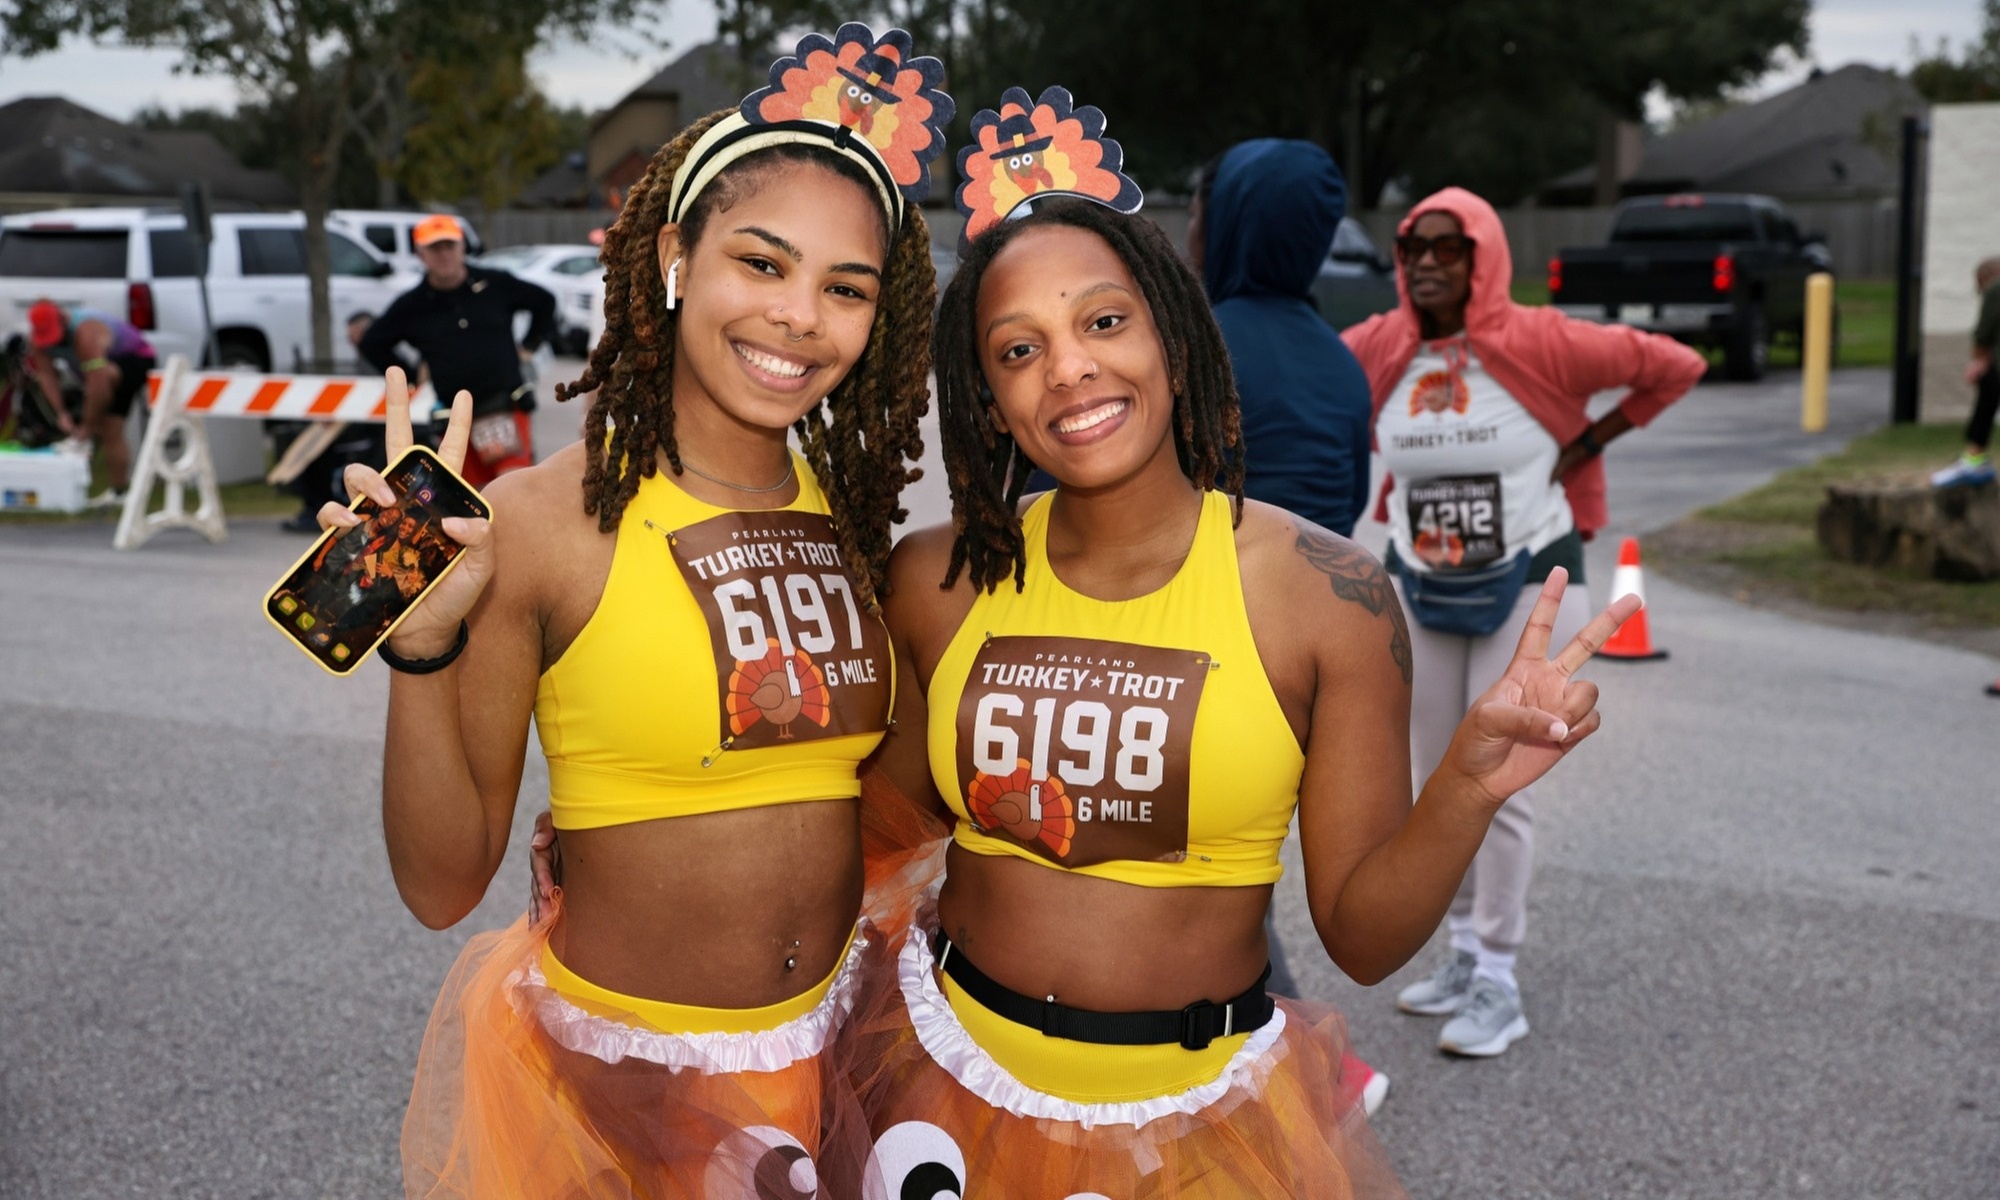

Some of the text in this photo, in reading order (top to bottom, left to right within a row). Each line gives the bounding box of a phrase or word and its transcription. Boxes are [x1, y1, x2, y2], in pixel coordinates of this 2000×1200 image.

[732, 529, 805, 540] PEARLAND
[1418, 500, 1493, 538] 4212
[688, 542, 842, 580] TURKEY TROT
[712, 574, 863, 662] 6197
[825, 659, 877, 687] 6 MILE
[1035, 653, 1135, 669] PEARLAND
[982, 663, 1185, 702] TURKEY TROT
[973, 692, 1170, 792] 6198
[1077, 796, 1153, 823] 6 MILE
────────────────
**Description of the task**
Copy out every line of the data exactly, leaving the images behind.

**Result of the exercise**
Some of the text in this photo, in reading order (top to bottom, left to right within a row). Each line gives the bounding box of a phrase or word and its transcription. Boxes are [x1, y1, x2, y2], in pixel coordinates of this 2000×1200 image.

[732, 529, 805, 540] PEARLAND
[1418, 500, 1493, 538] 4212
[688, 542, 842, 580] TURKEY TROT
[712, 574, 863, 662] 6197
[825, 659, 877, 687] 6 MILE
[1035, 653, 1135, 669] PEARLAND
[982, 663, 1185, 702] TURKEY TROT
[973, 692, 1170, 792] 6198
[1077, 796, 1153, 823] 6 MILE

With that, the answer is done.